Democratising data input. Using data to better focus on measuring wellbeing is not a one-way relationship. Some initiatives are giving data and tools into public hands to amplify their voices and needs.
In Australia, Aboriginal peoples face lower health and socioeconomic indicators than the majority population. The South Australia Health and Medical Research Unit, supported by the Fay Fuller Foundation, is working to create a data warehouse on a range of health and cultural indicators in 18 geographical areas across South Australia by and for Aboriginal people. This project is unique as it is designed to provide Aboriginal communities with their own data, allowing them to drive how they want to engage with service providers and monitor performance of government systems on their health and social outcomes over time.
Emerging research into and the development of smart cities also demonstrates promising ways the link between citizen opinion and wellbeing and government policy and measurement can be increased. These projects both use data mining and provide platforms through which citizens can shape planning. MIT’s Senseable City Labs uses a range of tools – such as mobile data and censors – to create a real-time city. Their “Friendly Cities” project uses call detail records to identify places in the city that bring people together, and research on “The Urban Village” used mobile communication data to study social networks in large urban areas. Sidewalk Labs’ proposal for Toronto includes a digital infrastructure that allows the public to collaborate to address local challenges. These projects highlight innovative methods by which data can be harnessed to improve the liveability of cities and the wellbeing of residents. However, it is important to note that Sidewalk Labs is a private company rather than the government, and understanding how this relationship will work in the future is at the forefront of many citizen’s minds.
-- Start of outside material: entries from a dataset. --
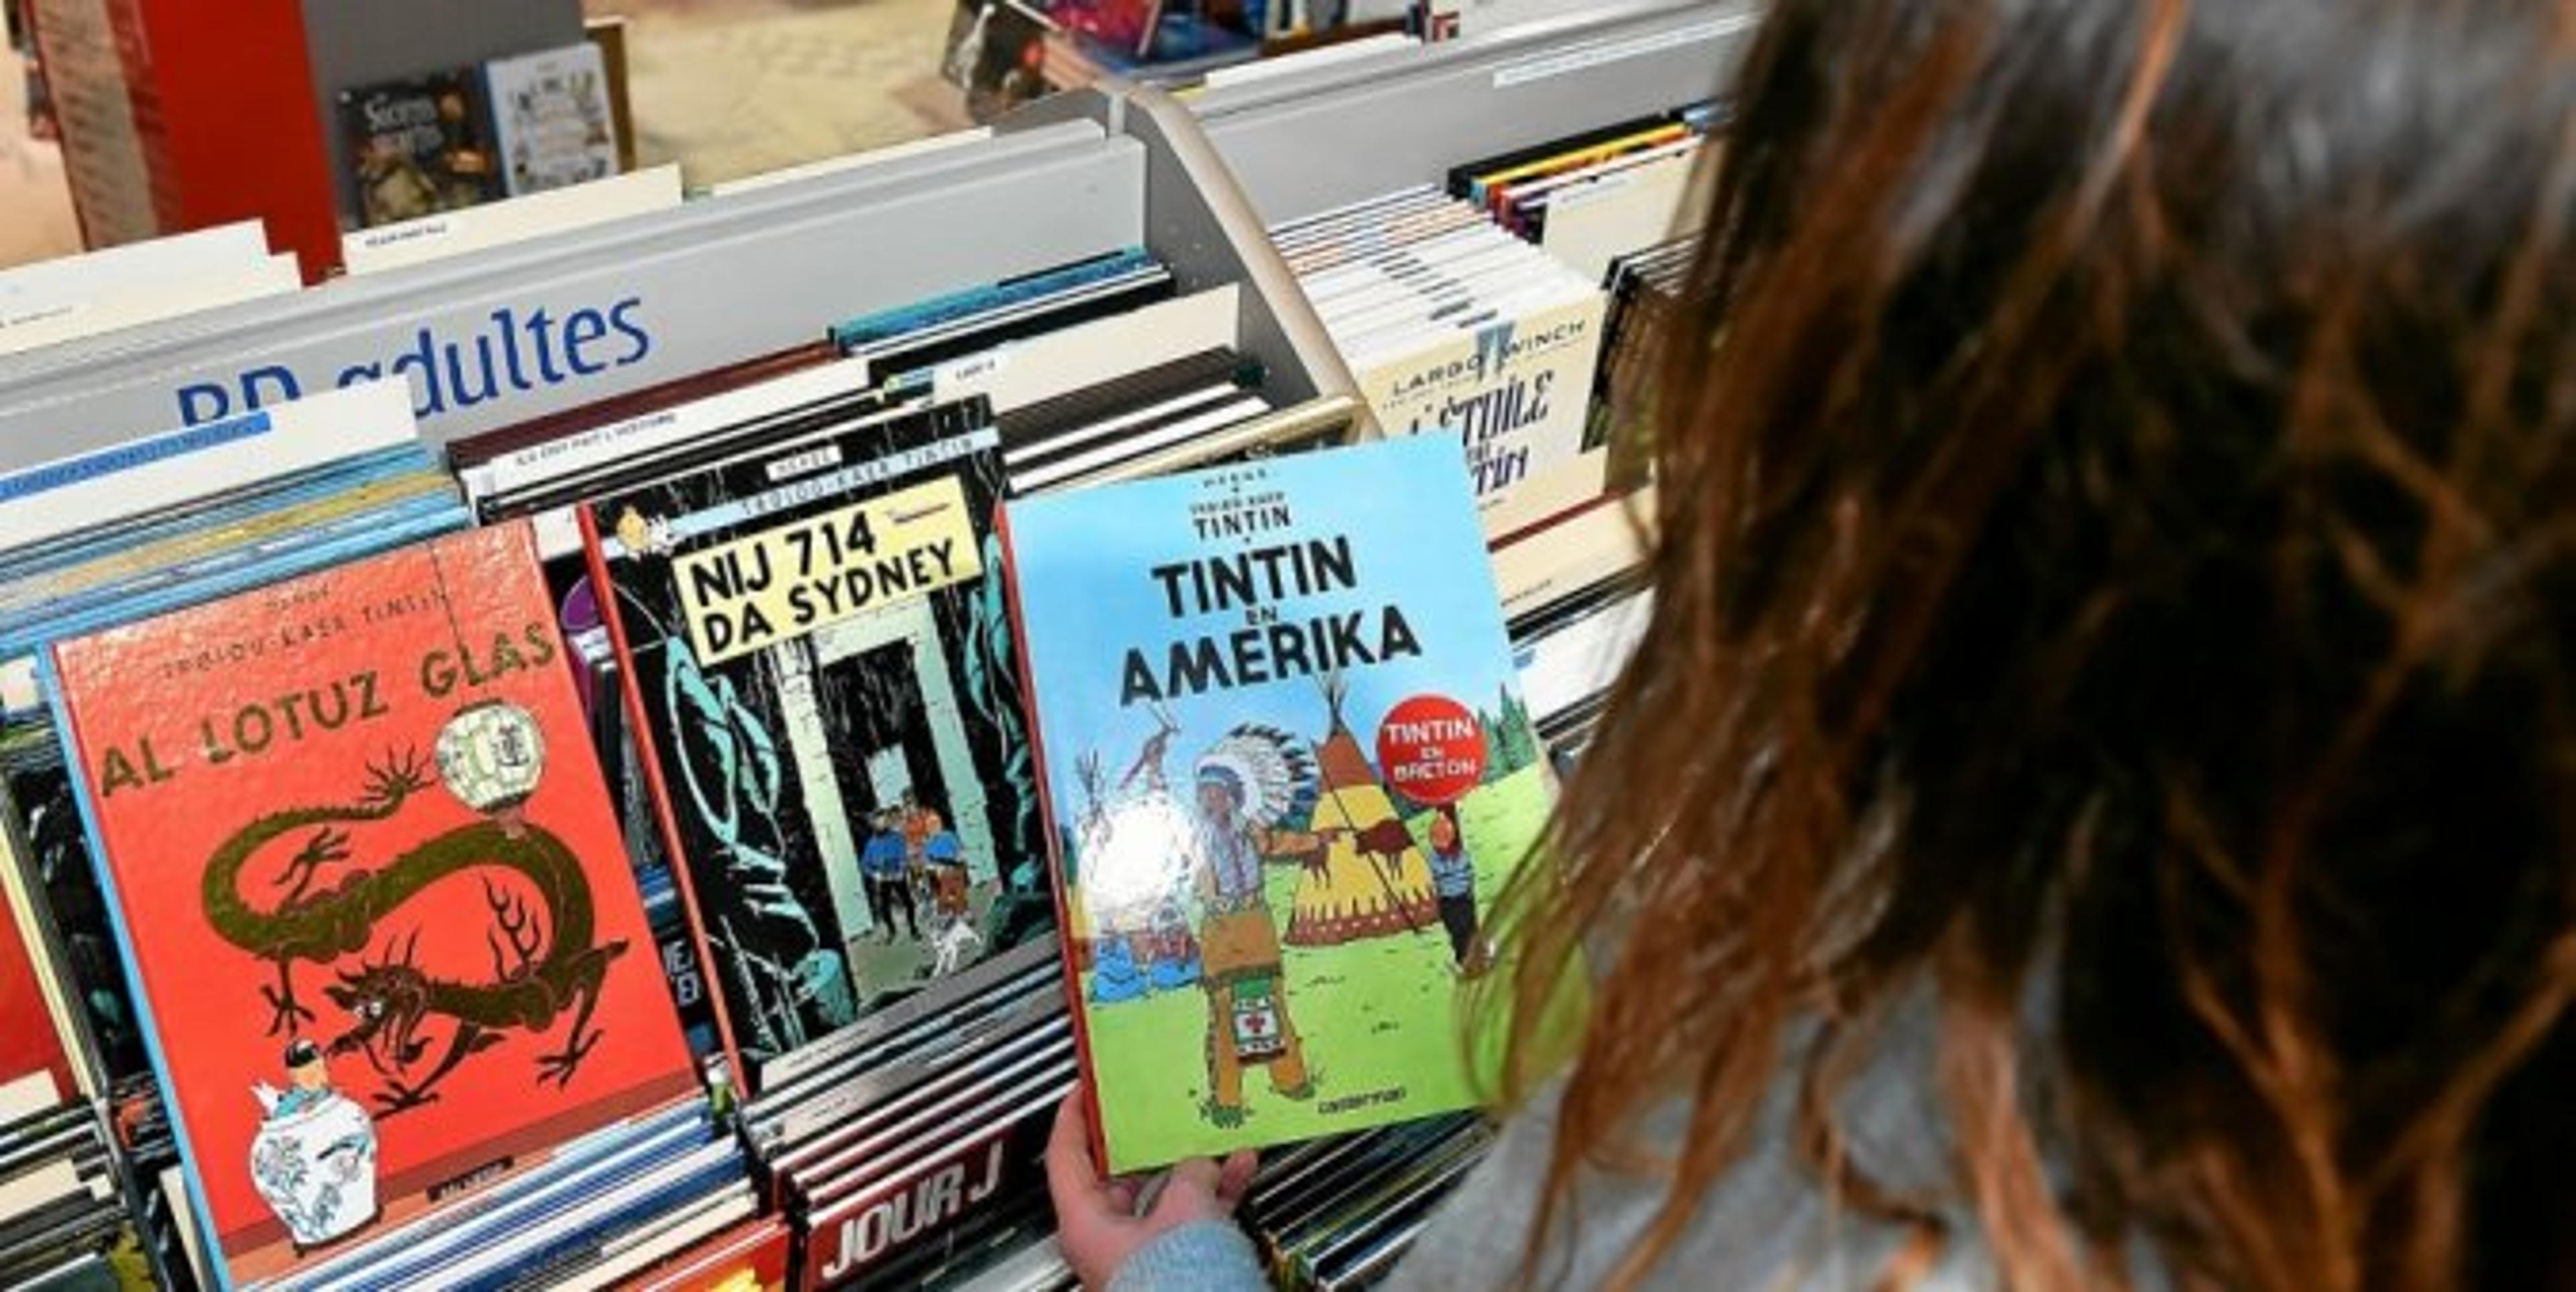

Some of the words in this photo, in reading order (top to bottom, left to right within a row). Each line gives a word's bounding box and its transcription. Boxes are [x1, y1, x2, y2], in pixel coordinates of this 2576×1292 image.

[1393, 354, 1485, 396] LARGO
[1501, 319, 1585, 360] WINCH
[690, 540, 772, 608] NIJ
[785, 513, 877, 577] 714
[1193, 504, 1291, 541] TINTIN
[704, 597, 772, 653] DA
[789, 539, 955, 624] SYDNEY
[1151, 535, 1358, 618] TINTIN
[1245, 606, 1278, 626] EN
[1120, 606, 1423, 706] AMERIKA
[100, 736, 175, 798] AL
[203, 671, 390, 765] LOTUZ
[420, 621, 556, 698] GLAS
[1386, 717, 1475, 746] TINTIN
[1393, 758, 1476, 782] BRETON
[1420, 747, 1444, 760] EN
[823, 1159, 965, 1277] JOUR
[970, 1139, 1004, 1205] J
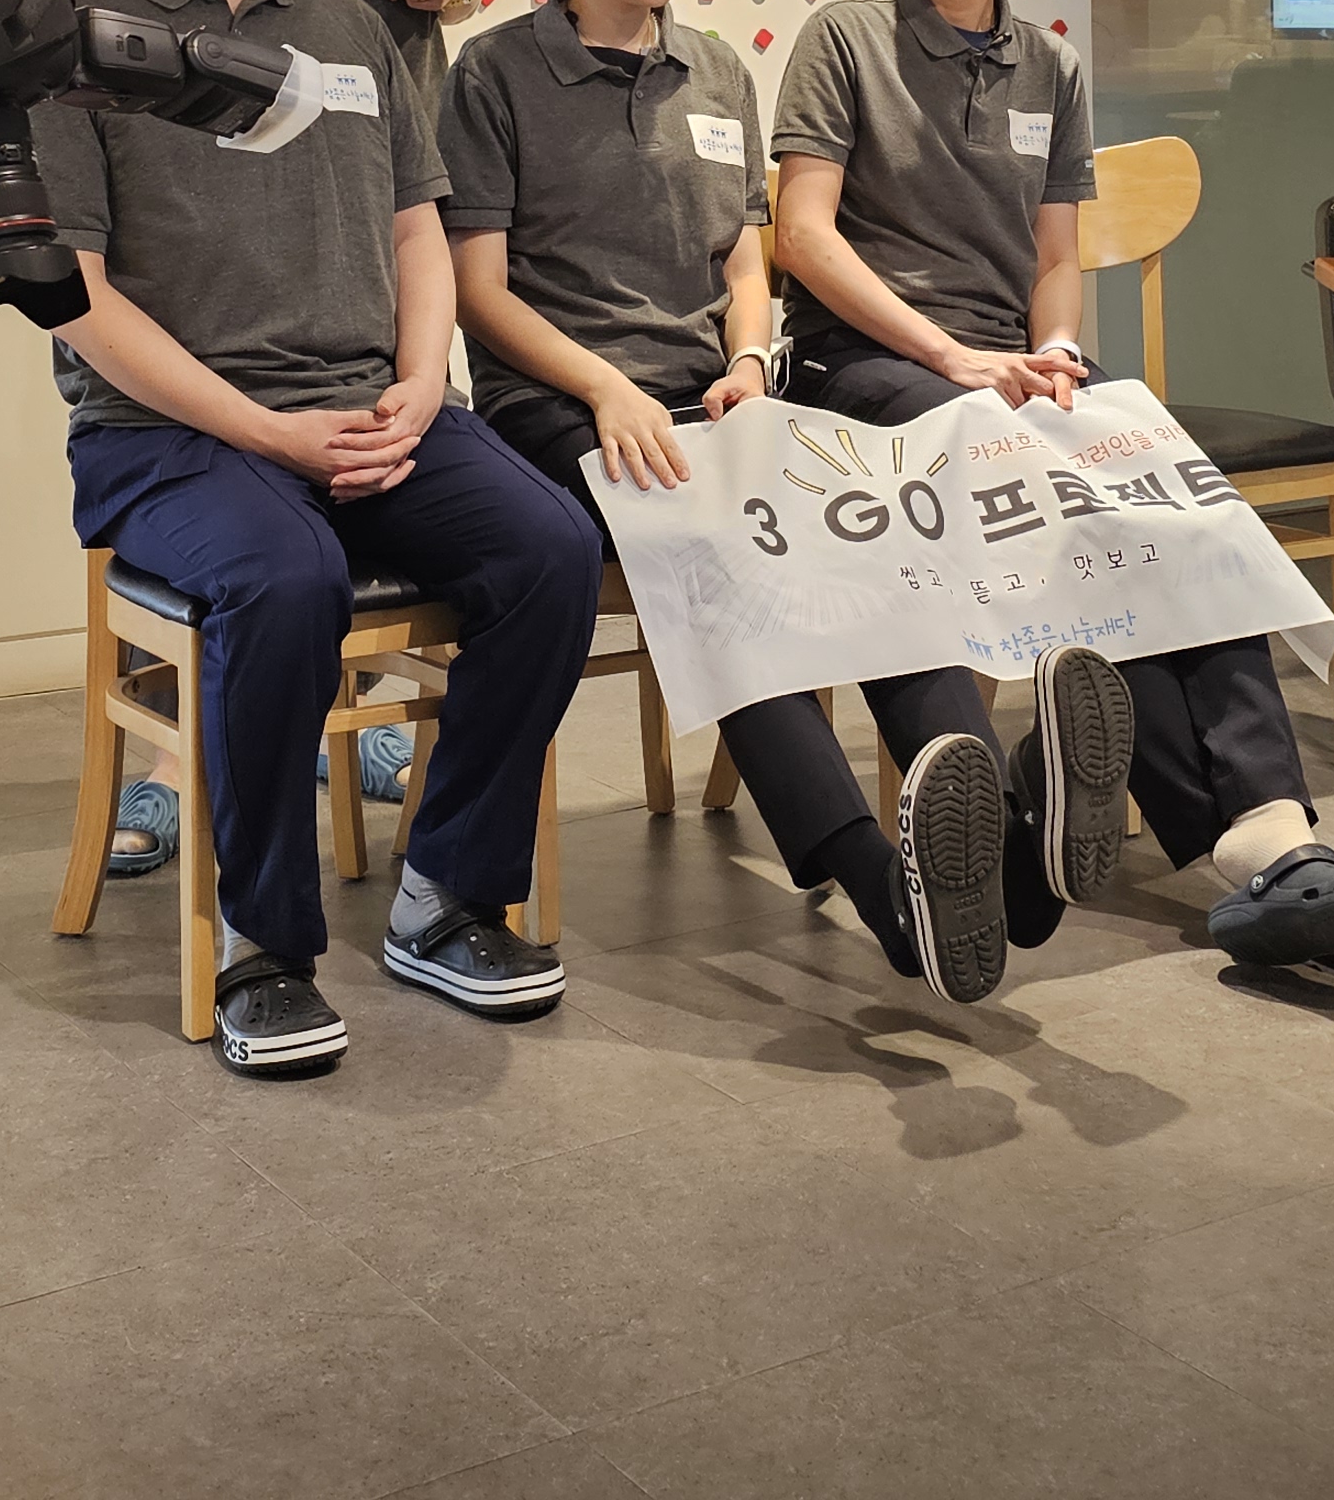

Aggregate, inaccurate, and time-lagged data often leaves many governments blind to many important aspects of wellbeing, limiting policy effectiveness. Big data, harnessed by innovative organisations and collaboratives, is providing windows into the on-the-ground lives and needs of everyday citizens. Scaling such initiatives could help drive a paradigm shift on what counts as progress and change the focus of political agendas.
This is part of the work SIX is undertaking with four foundations from around the world to explore how data can be used to help cross-sector partnerships address complex problems. We seek to highlight successful global examples to inspire others, curate an action-led dialogue, and explore the role and entry points for philanthropies to engage with and enable data-driven ecosystems and systemic change around social challenges.